Utility companies offer homeowners a range of options for receiving “credit” for any excess energy that they produce from a solar installation. The rules change state-to-state and region-to-region, so it is important to check with your specific utility prior to an installation or have a conversation with a professional about what payback would look like for you. Utilities negotiate and establish the “credit” amount via an interconnection agreement before the installation begins, and they will install what is a called a bi-directional meter before the system is running to read that power production and usage. Essentially, that new meter will track energy going into the home from the grid and out from the solar array to the grid.
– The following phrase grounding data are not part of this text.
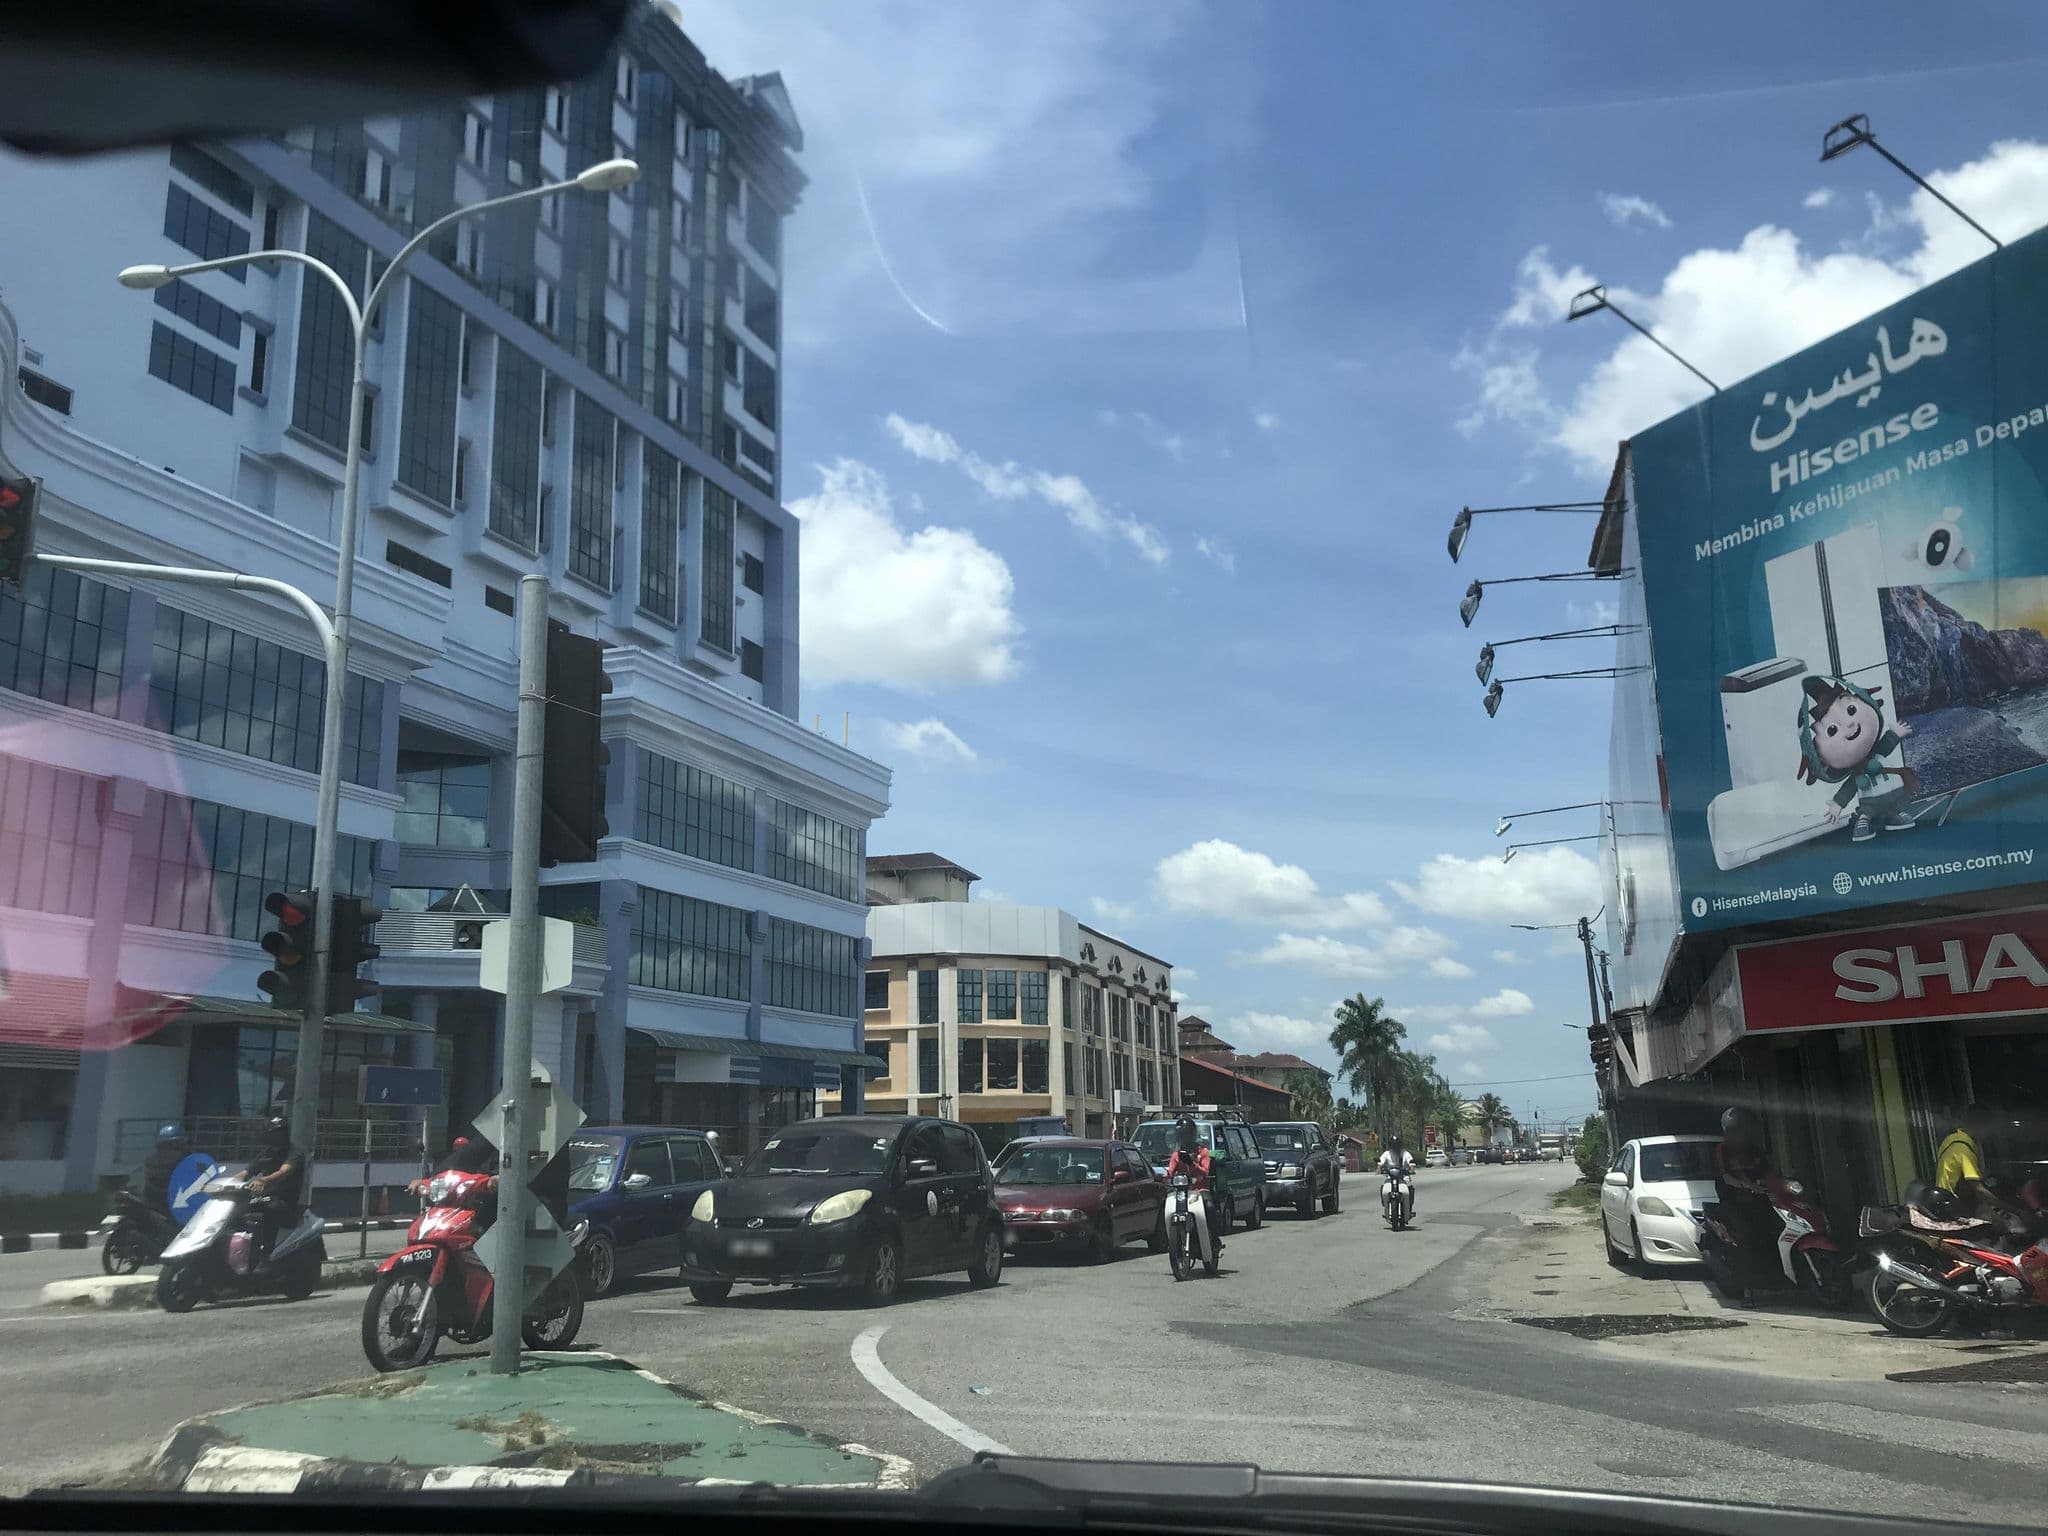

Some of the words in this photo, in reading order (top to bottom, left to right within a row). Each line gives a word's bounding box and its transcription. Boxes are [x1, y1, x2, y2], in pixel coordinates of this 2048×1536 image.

[1750, 317, 1948, 452] هايسن
[1695, 511, 1785, 561] Membina
[1789, 466, 1900, 524] Kehijauan
[1906, 437, 1970, 476] Masa
[1976, 403, 2048, 448] Depa
[1770, 402, 1939, 493] Hisense
[1712, 883, 1817, 912] HisenseMalaysia
[1858, 847, 2035, 887] www.hisense.com.my
[1832, 932, 2048, 1003] SHA
Some utilities will offer homeowners a full retail rate for the energy they overproduce. That is called net-metering. To learn more about how that works, you can read about it in greater detail in another article. Some utilities will only offer homeowners a wholesale rate for the excess energy from solar. In cases such as this, homeowners are encouraged to look at storing the extra energy in home batteries versus “selling” it back to the grid. That concept is called grid-shaving as it prevents you from losing that margin in a buy/sell back and forth with the utility. Store it for free, then you can drain down the battery at night and cut back on what you must purchase from the utility. In some rare cases, utilities do not have a set policy on solar and/or do not allow back-feeding into the grid itself. These are rare, but homeowners have the right to source their energy however they would like. They would essentially have more of a stand-alone solar system with a battery cabinet, islanding capabilities in the inverter, and a specific method for how energy is allocated to circuits in the home.
Planning for the long-term methods for payback, setting up the system in the right way, and ensuring this is part of an overall strategy can be done with the help of an energy advisor. They would be able to discuss how solar could work specifically for you and your situation. If you’d like to learn more about batteries, inverter types, net-metering, etc. please feel free to view more articles within the knowledge center.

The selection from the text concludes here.